Nolan Feeney, Time Magazine - October 5, 2014

This is a great thing. I’m almost positive it is. As steeped as I am in the world of disability, that is how ignorant and detached I am from the military and veterans culture. So I can only half make my own assessment of the new memorial … how it looks, what it says, and what other people say about it. From the just the disability perspective, I have a few thoughts.

- Why did they call it the American Veterans Disabled For Life Memorial. It sounds one of those situations where a committee of people debated long and in great detail how to say something delicate so as not to offend anyone … and came up with something bureaucratic and offensive. What’s wrong with something simple like Disabled Veterans Memorial?

- They chose 18 quotations to display, out of hundreds of possibilities. I wish the official website would print all of the selected quotes, because I don’t much like the George Washington quote that appears in all the publicity. There’s nothing wrong with it, particularly considering how people spoke back then. But just showing us that quote suggests that the Memorial is all about sadness and pity. I really hope that isn’t true, and I suspect it really isn’t. But I’d like to know.

- There’s a line in one of the articles about disabled veterans “reclaiming their lives”. That is actually a really good concept to replace the idea of a cure, recovery, or even rehabilitation for all disabled people. Ultimately what we all want is to claim or re-claim our own lives. It works just as well for a child born with a disability. What we really want is for them to “claim a life” for themselves, just as we hope disabled veterans are able to “re-claim” their lives. “Getting better”, or “fitting in” may or may not be part of that, but we don’t have to be 100% fixed to claim or reclaim a life.

"Cliff Notes"

One of my favorite (non-disability) bloggers recently did a post consisting of a list of one-line statements he called the Cliff Notes of his blog archives … a very abbreviated summary of what his blog has been about over time. It got me thinking about how I would summarize the Disability Thinking blog so far.

Disabled people are people … not symbols, angels, or tests of other peoples’ character.

Ableism is an actual thing, not just a collection of irritating habits and social misunderstandings.

A whole lot of people who should know better, based on their other political and social views, are still way behind the curve on disability issues.

Disability-related services and supports should be simpler and more direct (fewer middlemen). More plentiful would be good too, but simpler and more direct is probably more important.

Disability issues involve questions of fundamental human rights, not just minor policy tweaks and infrastructure improvements.

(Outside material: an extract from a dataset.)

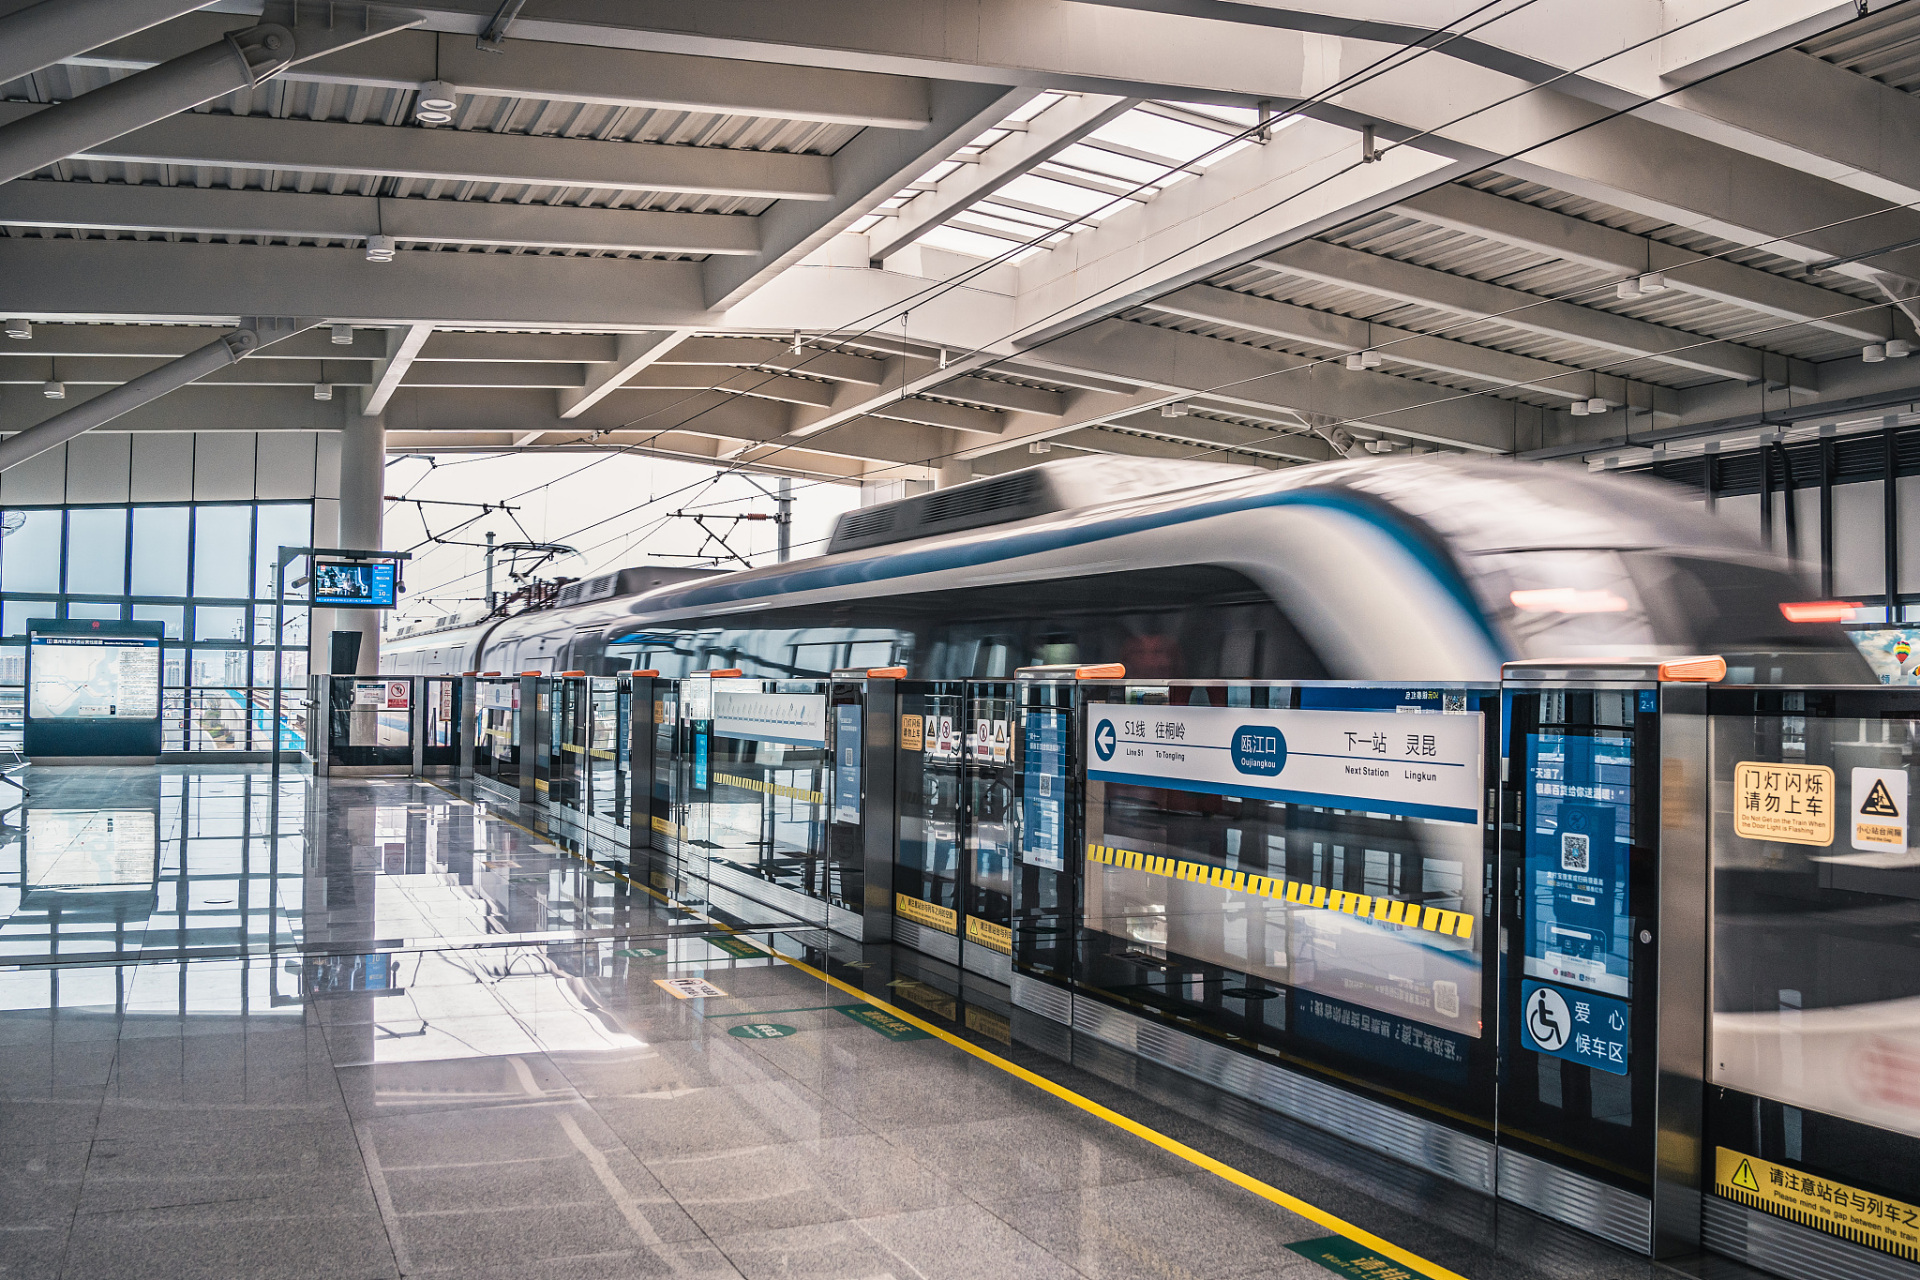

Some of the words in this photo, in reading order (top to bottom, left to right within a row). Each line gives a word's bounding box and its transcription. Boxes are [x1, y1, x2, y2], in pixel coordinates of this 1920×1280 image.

It matters what words we use to talk about disability, but sometimes we spend too much time worrying about it ... maybe.

I don’t like “inspiration porn”, but I do like disabled people who go out of their way to make bold visual statements projecting disability pride and confidence.

My life as a disabled person has been pretty good, and very lucky.

There are a lot more amazing disability bloggers, vloggers, and podcasters than I thought when I started this blog.